■ **Requirement**:
At the line that includes "this 1800×1190 image.", begin writing out the entries below exactly, and continue through the last line without adding anything.

Referring expression grounding data:
◇ ◇ ◇ ◇ ◇
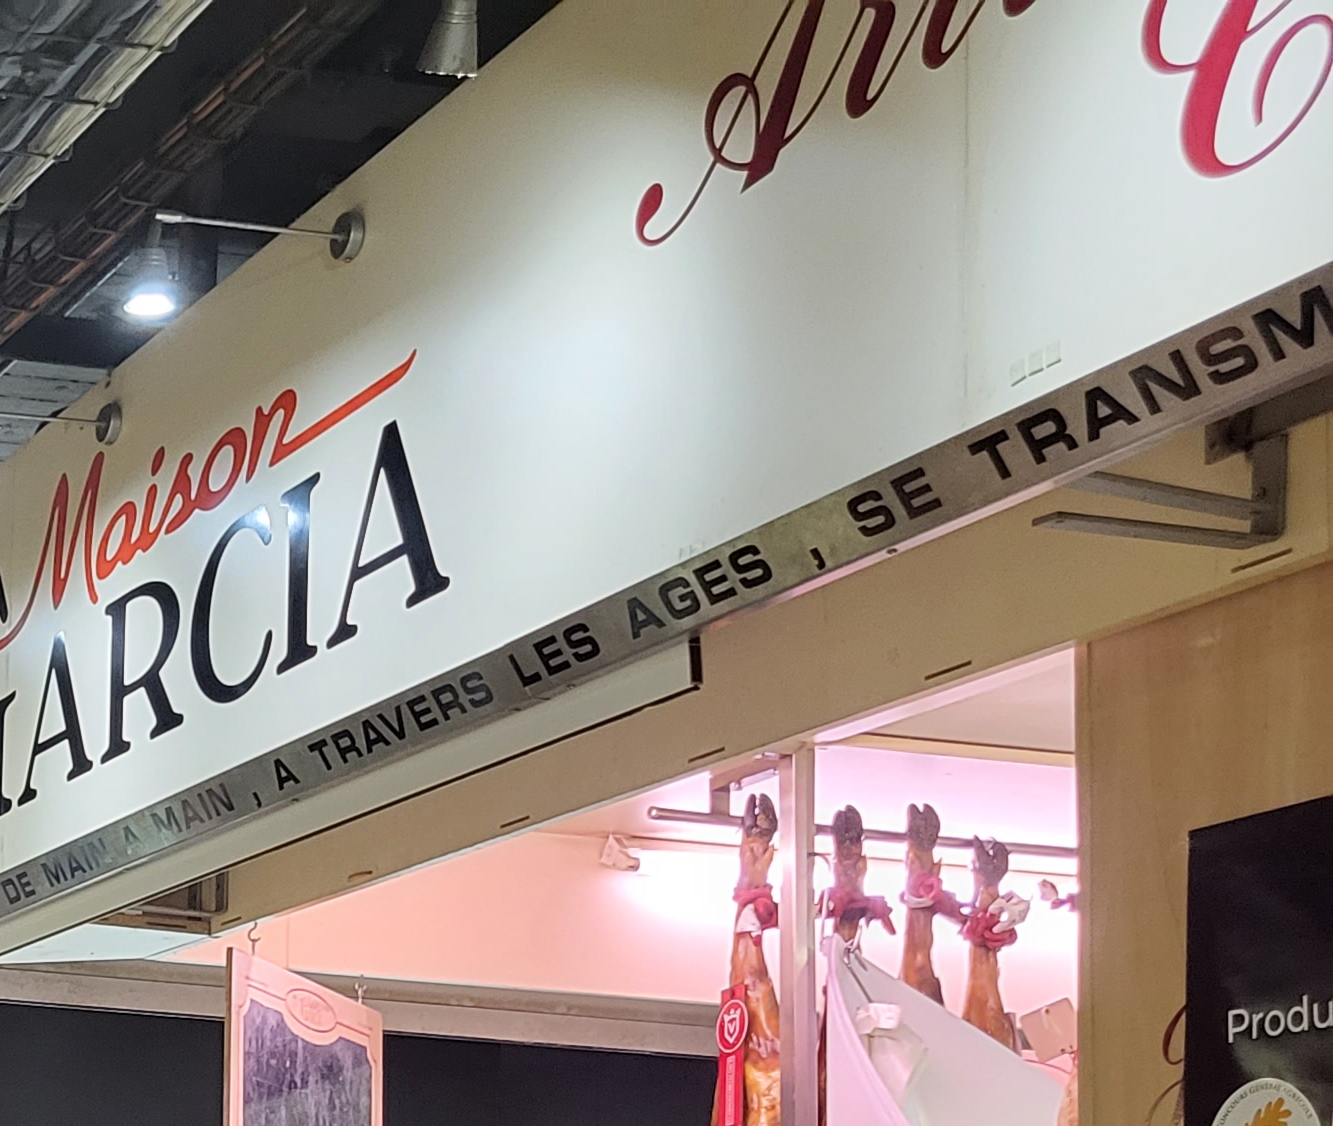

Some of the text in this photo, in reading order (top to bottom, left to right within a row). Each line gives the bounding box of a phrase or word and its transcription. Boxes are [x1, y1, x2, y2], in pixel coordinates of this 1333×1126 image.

[0, 869, 38, 906] DE
[41, 838, 115, 887] MAIN
[151, 782, 237, 836] MAIN
[275, 760, 305, 792] A
[309, 666, 497, 771] TRAVERS
[515, 622, 603, 690] LES
[627, 540, 775, 638] AGES
[845, 468, 943, 540] SE
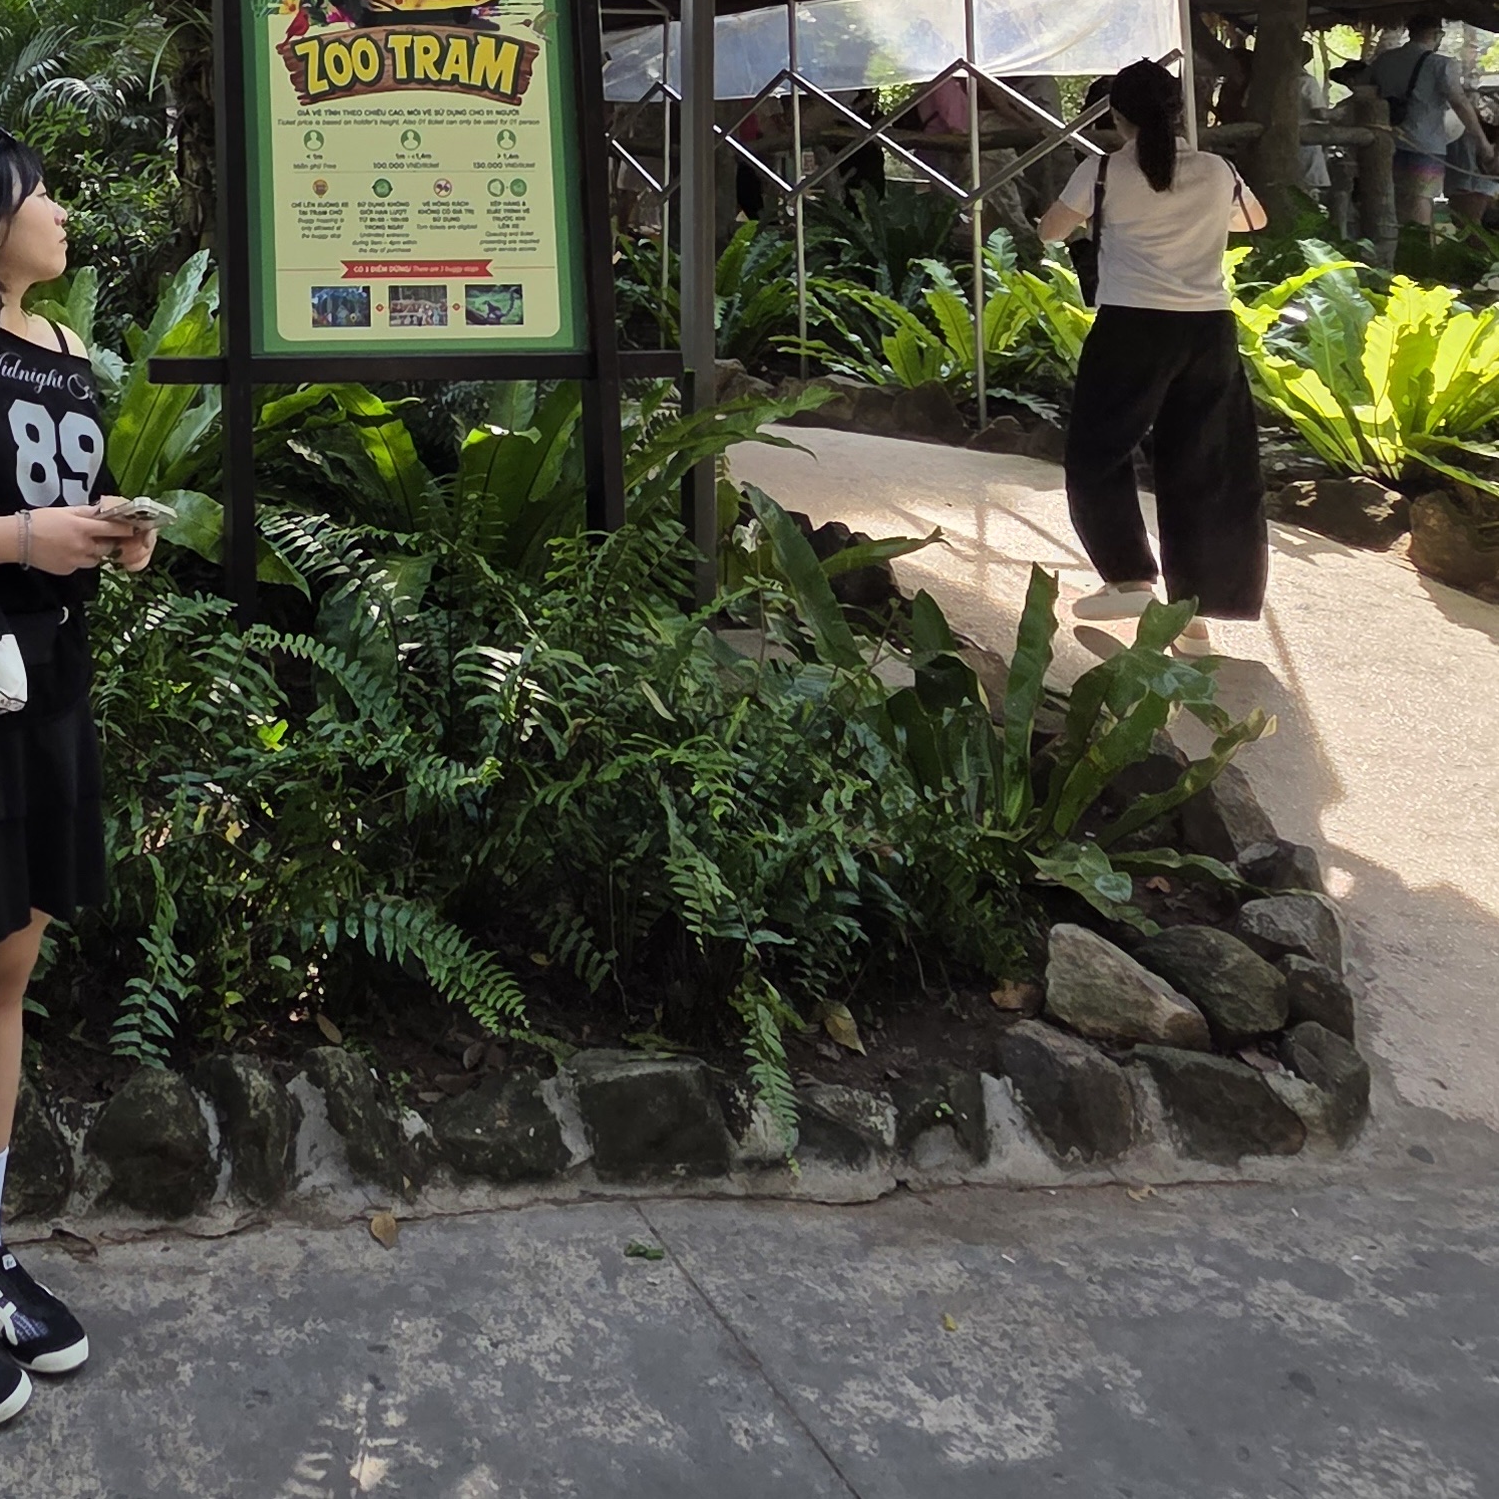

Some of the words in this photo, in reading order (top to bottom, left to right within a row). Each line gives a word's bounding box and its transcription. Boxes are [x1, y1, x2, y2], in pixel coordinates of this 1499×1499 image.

[294, 37, 380, 96] ZOO
[387, 34, 520, 95] TRAM
[8, 399, 104, 507] 89
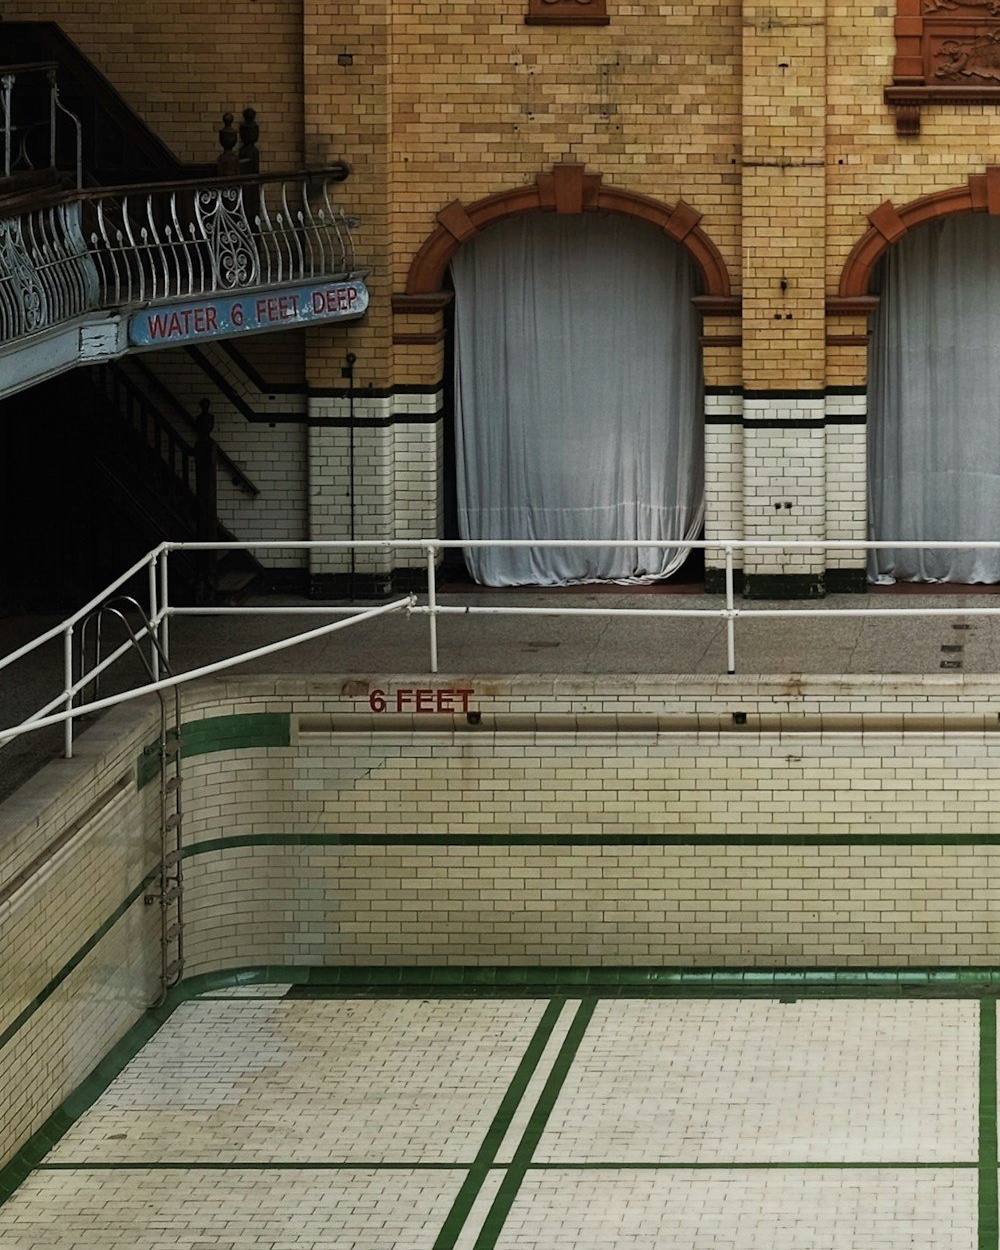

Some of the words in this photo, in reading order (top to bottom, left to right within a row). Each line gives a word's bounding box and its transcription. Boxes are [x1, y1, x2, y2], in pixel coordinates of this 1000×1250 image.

[146, 306, 218, 340] WATER
[230, 302, 244, 327] 6
[256, 294, 300, 323] FEET
[312, 287, 358, 315] DEEP
[369, 689, 387, 714] 6
[396, 689, 475, 714] FEET
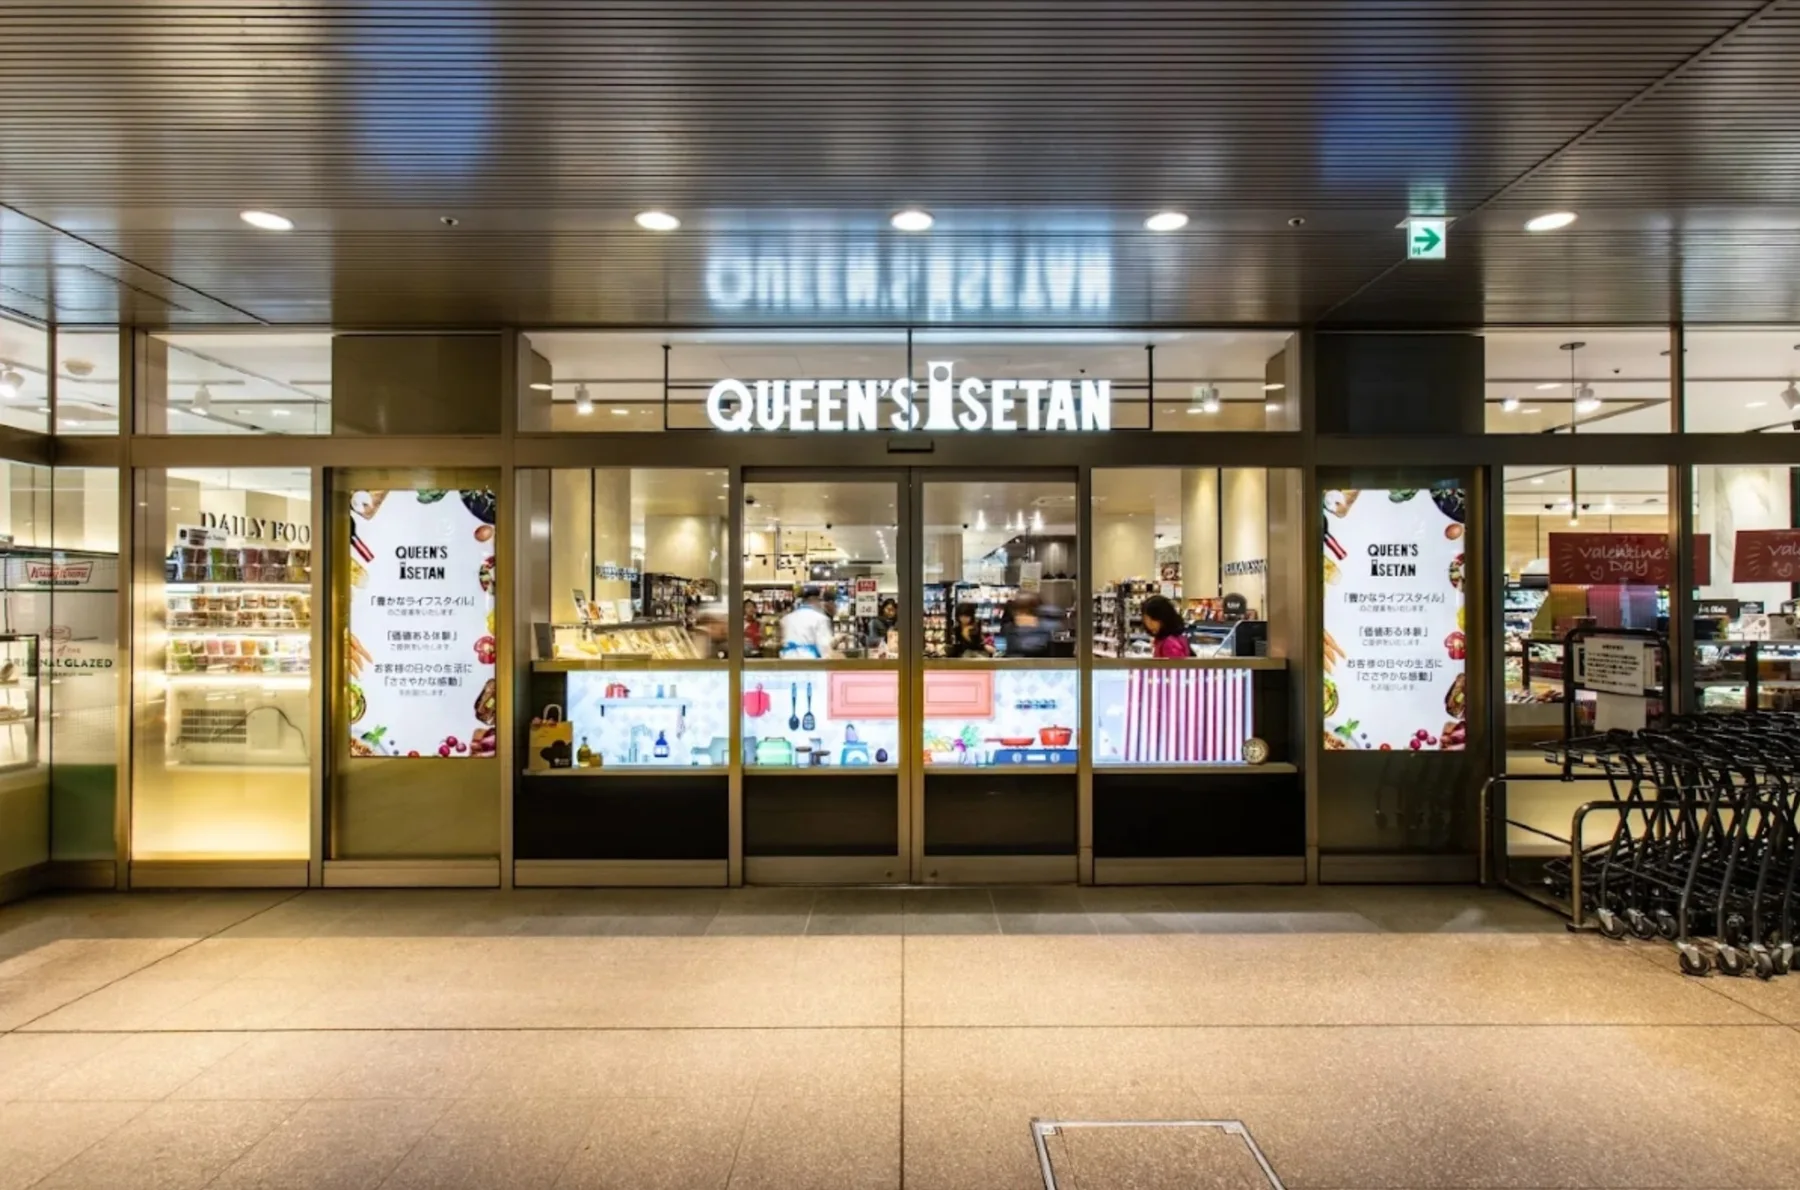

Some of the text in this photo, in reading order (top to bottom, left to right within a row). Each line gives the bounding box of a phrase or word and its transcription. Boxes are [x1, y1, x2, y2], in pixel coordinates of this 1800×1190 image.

[706, 361, 1112, 433] QUEEN'S ISETAN
[199, 511, 266, 539] DAILY
[395, 545, 448, 559] QUEEN'S
[1367, 543, 1419, 557] QUEEN'S
[399, 562, 445, 579] ISETAN
[1370, 559, 1416, 577] ISETAN
[64, 658, 113, 668] GLAZED
◇ ◇ ◇ ◇ ◇
■ **Output for this exercise**:
Some of the text in this photo, in reading order (top to bottom, left to right within a row). Each line gives the bounding box of a phrase or word and its transcription. Boxes are [x1, y1, x2, y2], in pixel coordinates of this 1800×1190 image.

[706, 361, 1112, 433] QUEEN'S ISETAN
[199, 511, 266, 539] DAILY
[395, 545, 448, 559] QUEEN'S
[1367, 543, 1419, 557] QUEEN'S
[399, 562, 445, 579] ISETAN
[1370, 559, 1416, 577] ISETAN
[64, 658, 113, 668] GLAZED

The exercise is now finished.